15. The method in claim 14, wherein the needle positioning tip is removably mounted to the needle holder, the method further comprising removing the needle positioning tip after the driving step, mounting another needle driving tip to the needle holder, and thereafter repeating the pushing grasping, manipulating, driving, and tying off steps.

16. The method in claim 15, wherein the needle positioning tip further comprises positioning means for positioning the needle positioning tip in a predetermined orientation on the needle holder.

17. The method in claim 16, wherein the positioning means includes a positioning slot in the proximal end of the needle positioning tip and an indexing tab at the distal end of the needle holder, the indexing tab being constructed for insertion into the positioning slot to orient the needle positioning tip on the needle holder in a predetermined orientation.
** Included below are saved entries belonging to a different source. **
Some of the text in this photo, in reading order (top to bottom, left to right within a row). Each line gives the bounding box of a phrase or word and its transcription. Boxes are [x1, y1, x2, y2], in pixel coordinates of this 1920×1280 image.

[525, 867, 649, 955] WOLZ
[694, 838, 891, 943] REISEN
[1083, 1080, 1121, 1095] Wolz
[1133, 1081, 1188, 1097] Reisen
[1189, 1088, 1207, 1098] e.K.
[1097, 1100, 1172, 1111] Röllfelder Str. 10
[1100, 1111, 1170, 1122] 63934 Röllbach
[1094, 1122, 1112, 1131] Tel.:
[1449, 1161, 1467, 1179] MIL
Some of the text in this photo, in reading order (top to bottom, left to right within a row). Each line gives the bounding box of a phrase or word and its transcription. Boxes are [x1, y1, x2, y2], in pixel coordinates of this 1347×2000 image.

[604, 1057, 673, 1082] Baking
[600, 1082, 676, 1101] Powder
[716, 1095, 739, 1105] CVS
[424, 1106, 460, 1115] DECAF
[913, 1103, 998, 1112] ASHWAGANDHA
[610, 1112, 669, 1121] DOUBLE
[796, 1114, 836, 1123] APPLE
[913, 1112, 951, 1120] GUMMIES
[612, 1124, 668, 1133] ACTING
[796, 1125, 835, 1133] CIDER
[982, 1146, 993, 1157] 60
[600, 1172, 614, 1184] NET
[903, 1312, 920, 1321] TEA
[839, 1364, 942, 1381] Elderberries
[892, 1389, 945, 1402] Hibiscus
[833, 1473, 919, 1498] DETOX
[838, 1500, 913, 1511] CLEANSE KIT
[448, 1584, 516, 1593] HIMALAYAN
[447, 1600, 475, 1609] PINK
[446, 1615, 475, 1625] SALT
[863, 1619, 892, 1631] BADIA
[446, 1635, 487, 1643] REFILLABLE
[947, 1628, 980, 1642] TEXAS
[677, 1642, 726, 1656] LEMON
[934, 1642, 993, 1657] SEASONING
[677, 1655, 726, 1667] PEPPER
18. The method in claim 14, wherein the needle has a shaft portion and a shank end portion with a suture attached thereto, wherein the needle shaft portion is removably captured in a needle slot extending from a distal end toward a proximal end of the needle positioning tip, and the needle shank portion and the suture are removably held in a needle receptacle on a main portion of the needle positioning tip between its proximal and distal ends, and the manipulating step includes removing the needle shaft portion from the needle slot and the needle shank portion and suture from the needle receptacle.

19. The method in claim 18, wherein the needle positioning tip is removably mounted to the needle holder, the method further comprising removing the needle positioning tip after the driving step, mounting another needle driving tip to the needle holder, and thereafter repeating the pushing, grasping, manipulating, and driving steps.

20. The method in claim 14, wherein the cannula is between about 14 mm and 26 mm in diameter and between about 40 mm and 120 mm long.